Data excerpts -
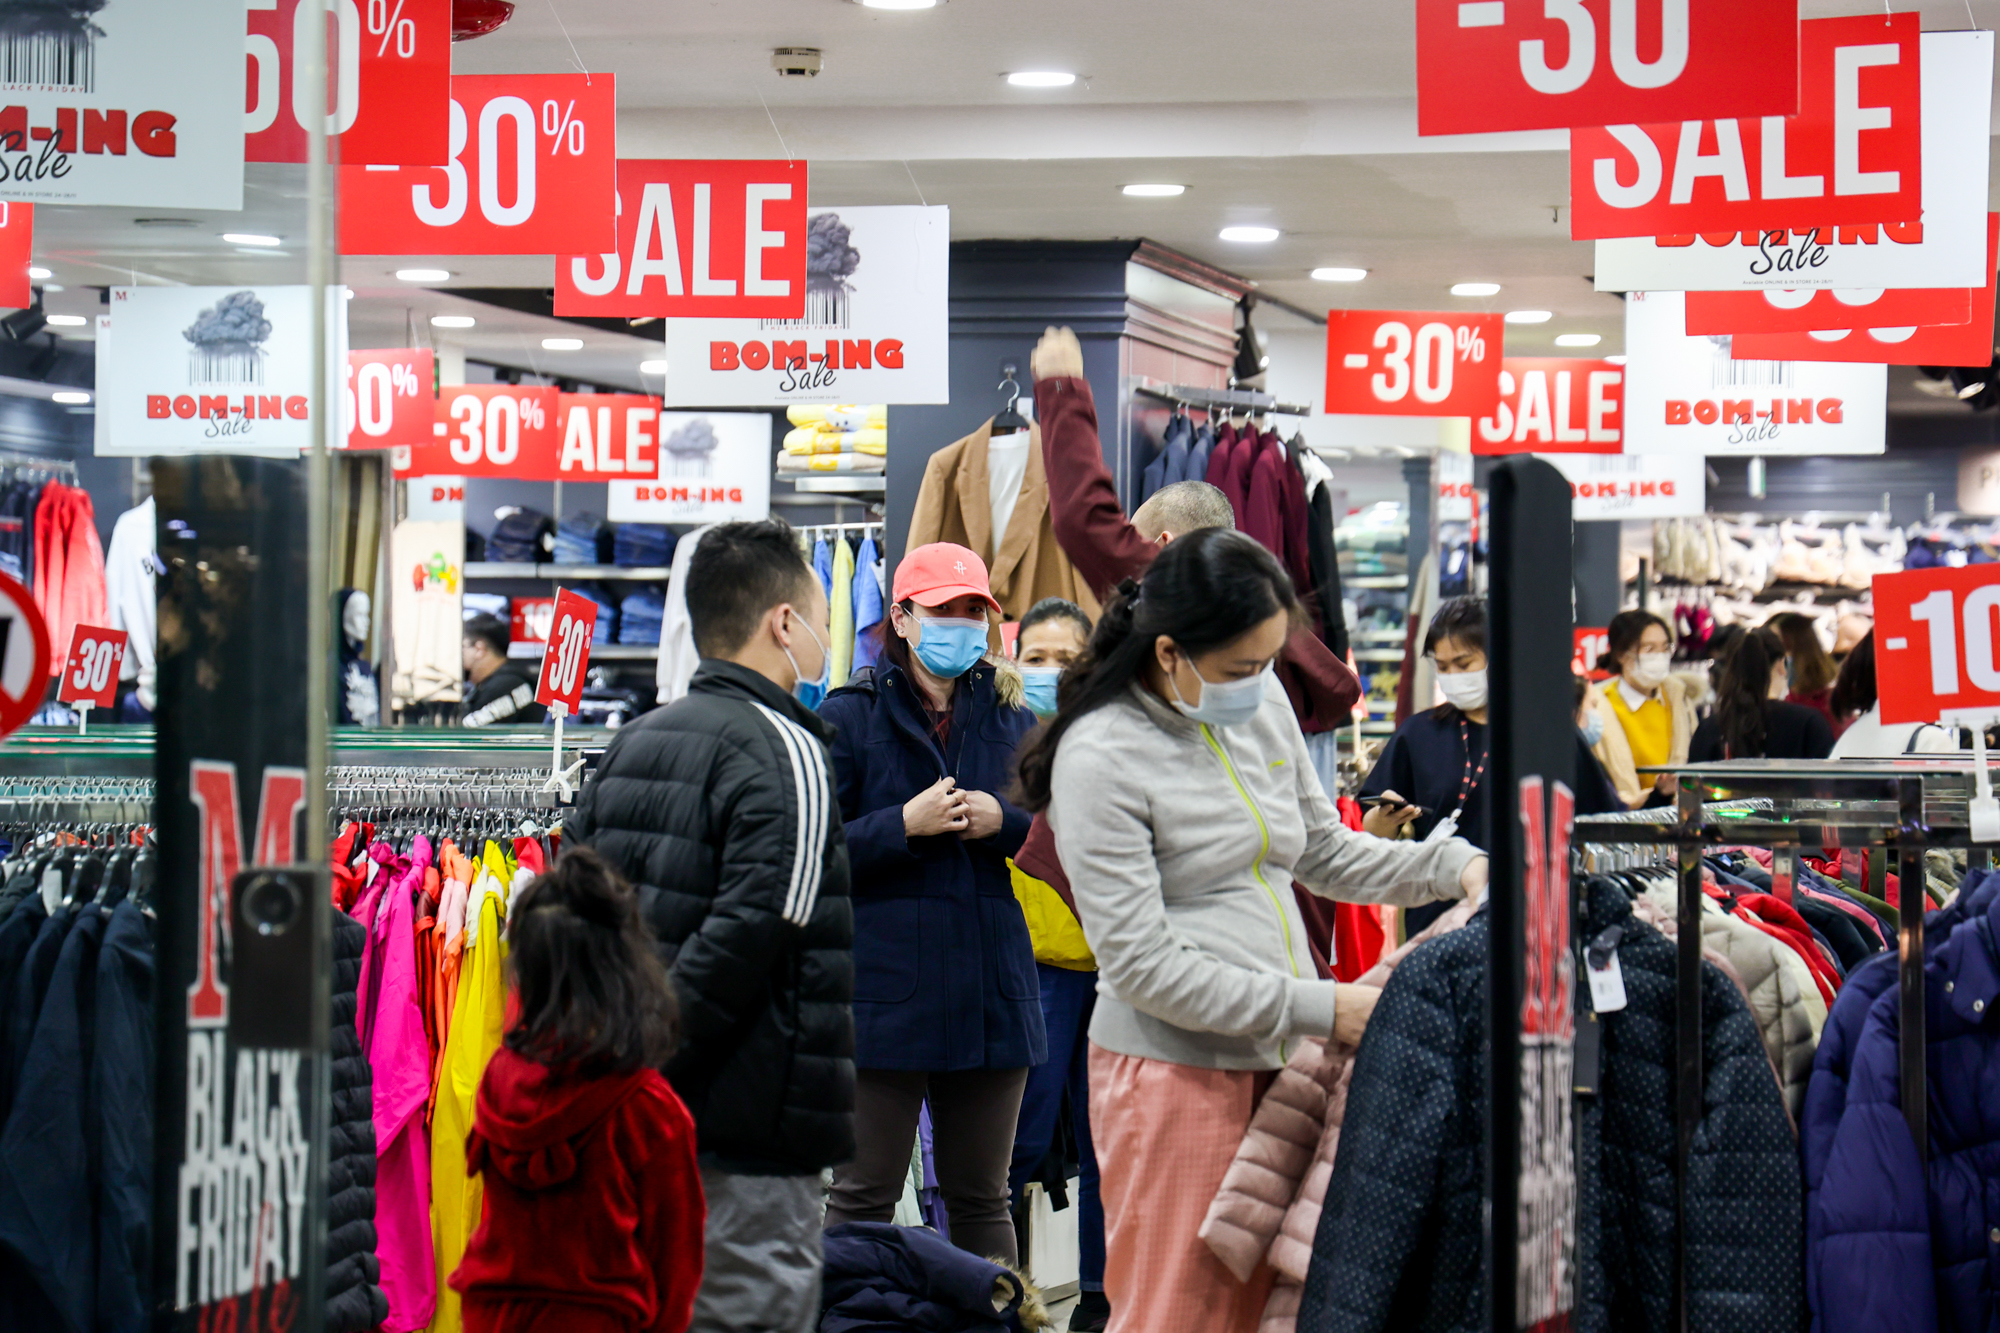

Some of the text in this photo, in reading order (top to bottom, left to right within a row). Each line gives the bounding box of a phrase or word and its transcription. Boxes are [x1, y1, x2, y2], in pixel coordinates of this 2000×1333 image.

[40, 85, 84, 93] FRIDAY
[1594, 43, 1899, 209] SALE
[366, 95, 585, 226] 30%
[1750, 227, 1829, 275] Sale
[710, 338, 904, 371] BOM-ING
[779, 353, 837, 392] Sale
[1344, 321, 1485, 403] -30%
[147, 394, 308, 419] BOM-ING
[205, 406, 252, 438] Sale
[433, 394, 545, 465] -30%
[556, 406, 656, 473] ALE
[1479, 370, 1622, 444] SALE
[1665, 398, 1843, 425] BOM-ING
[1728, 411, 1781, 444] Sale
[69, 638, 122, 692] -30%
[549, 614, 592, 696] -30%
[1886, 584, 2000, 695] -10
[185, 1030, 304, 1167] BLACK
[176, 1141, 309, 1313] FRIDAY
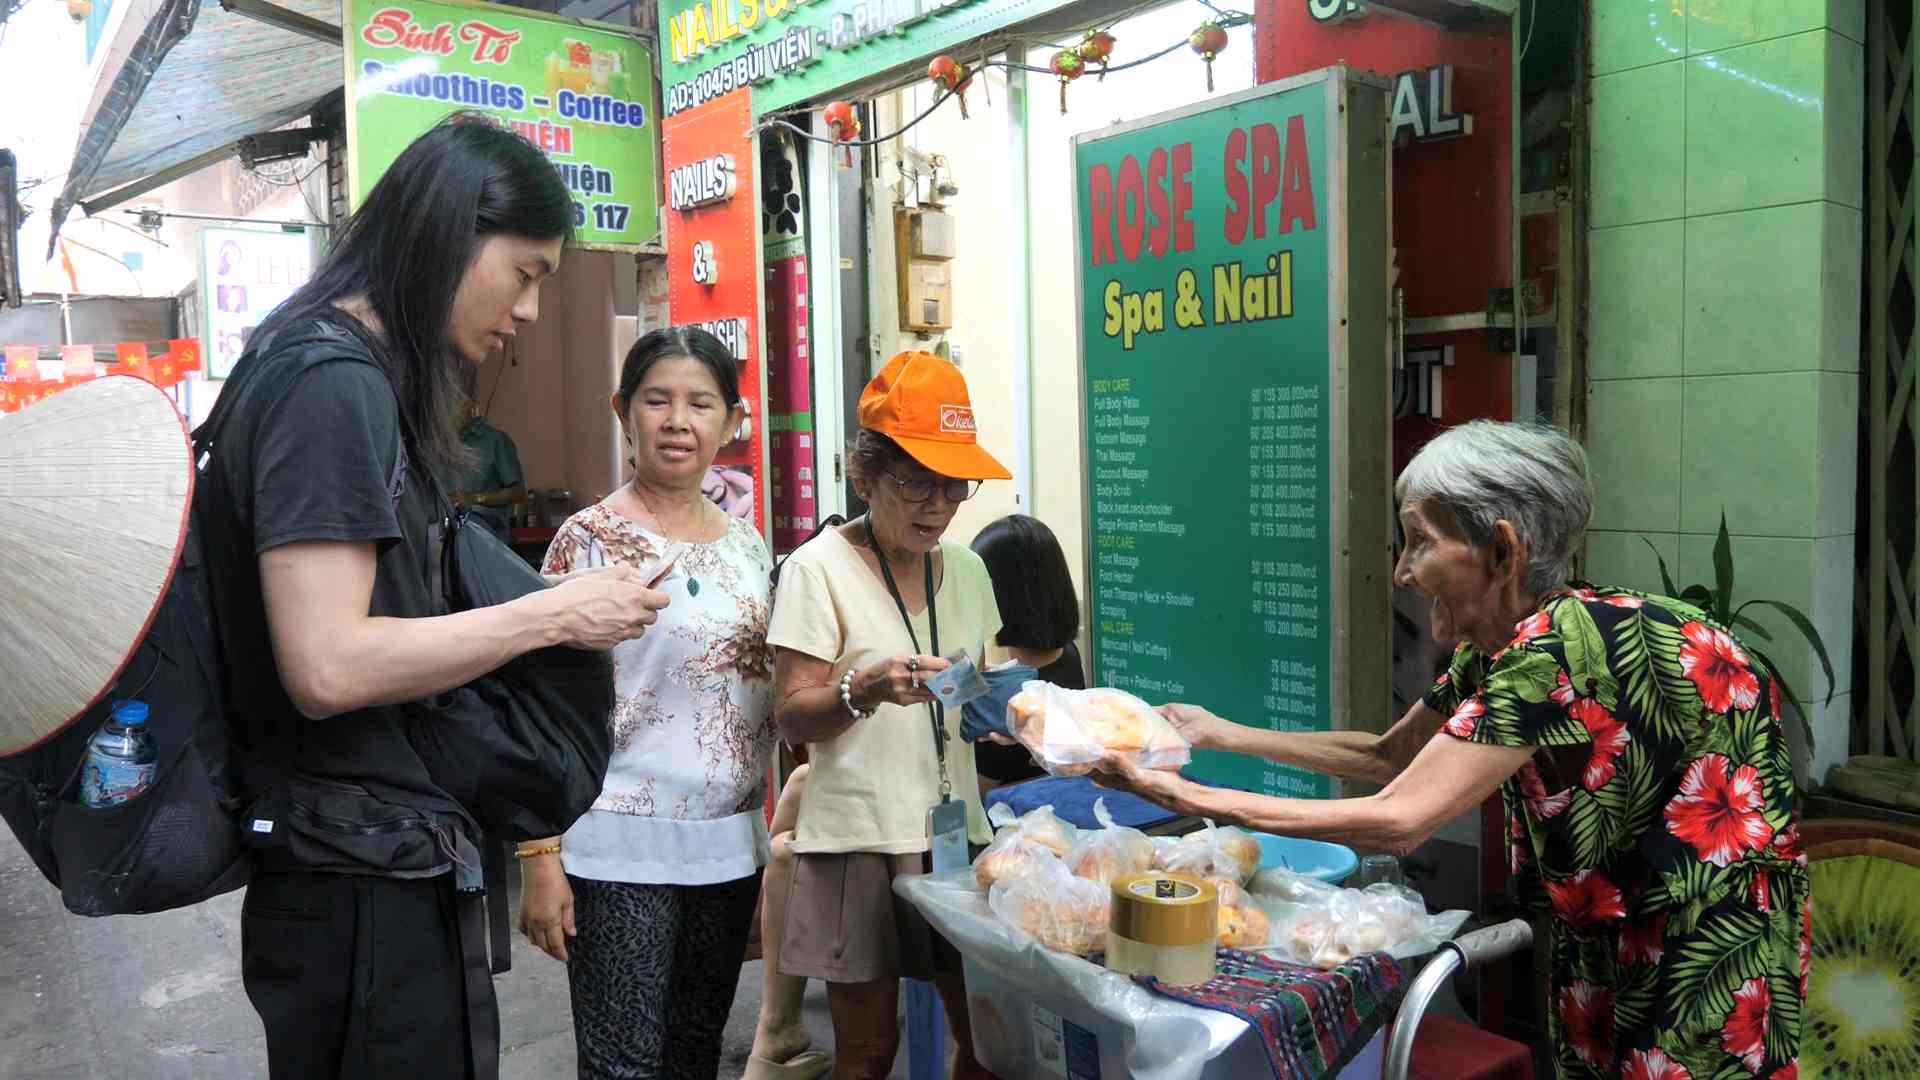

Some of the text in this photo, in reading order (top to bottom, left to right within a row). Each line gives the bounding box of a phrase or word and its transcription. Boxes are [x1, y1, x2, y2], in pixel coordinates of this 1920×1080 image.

Requirement -
Print the whole listing exactly, please, and keep any images out of it.

Result of this exercise -
Some of the text in this photo, in reading order (top to bottom, left to right within a row). Each line gives the bounding box of a phrase or word and its transcription. Boxes are [x1, y1, x2, y2], in pixel coordinates of this 2000×1333 image.

[40, 85, 84, 93] FRIDAY
[1594, 43, 1899, 209] SALE
[366, 95, 585, 226] 30%
[1750, 227, 1829, 275] Sale
[710, 338, 904, 371] BOM-ING
[779, 353, 837, 392] Sale
[1344, 321, 1485, 403] -30%
[147, 394, 308, 419] BOM-ING
[205, 406, 252, 438] Sale
[433, 394, 545, 465] -30%
[556, 406, 656, 473] ALE
[1479, 370, 1622, 444] SALE
[1665, 398, 1843, 425] BOM-ING
[1728, 411, 1781, 444] Sale
[69, 638, 122, 692] -30%
[549, 614, 592, 696] -30%
[1886, 584, 2000, 695] -10
[185, 1030, 304, 1167] BLACK
[176, 1141, 309, 1313] FRIDAY

Some of the text in this photo, in reading order (top to bottom, left to right within a row). Each line gives the bounding box of a phrase or word and its transcription. Boxes are [x1, y1, x2, y2], in pixel coordinates of this 1920×1080 image.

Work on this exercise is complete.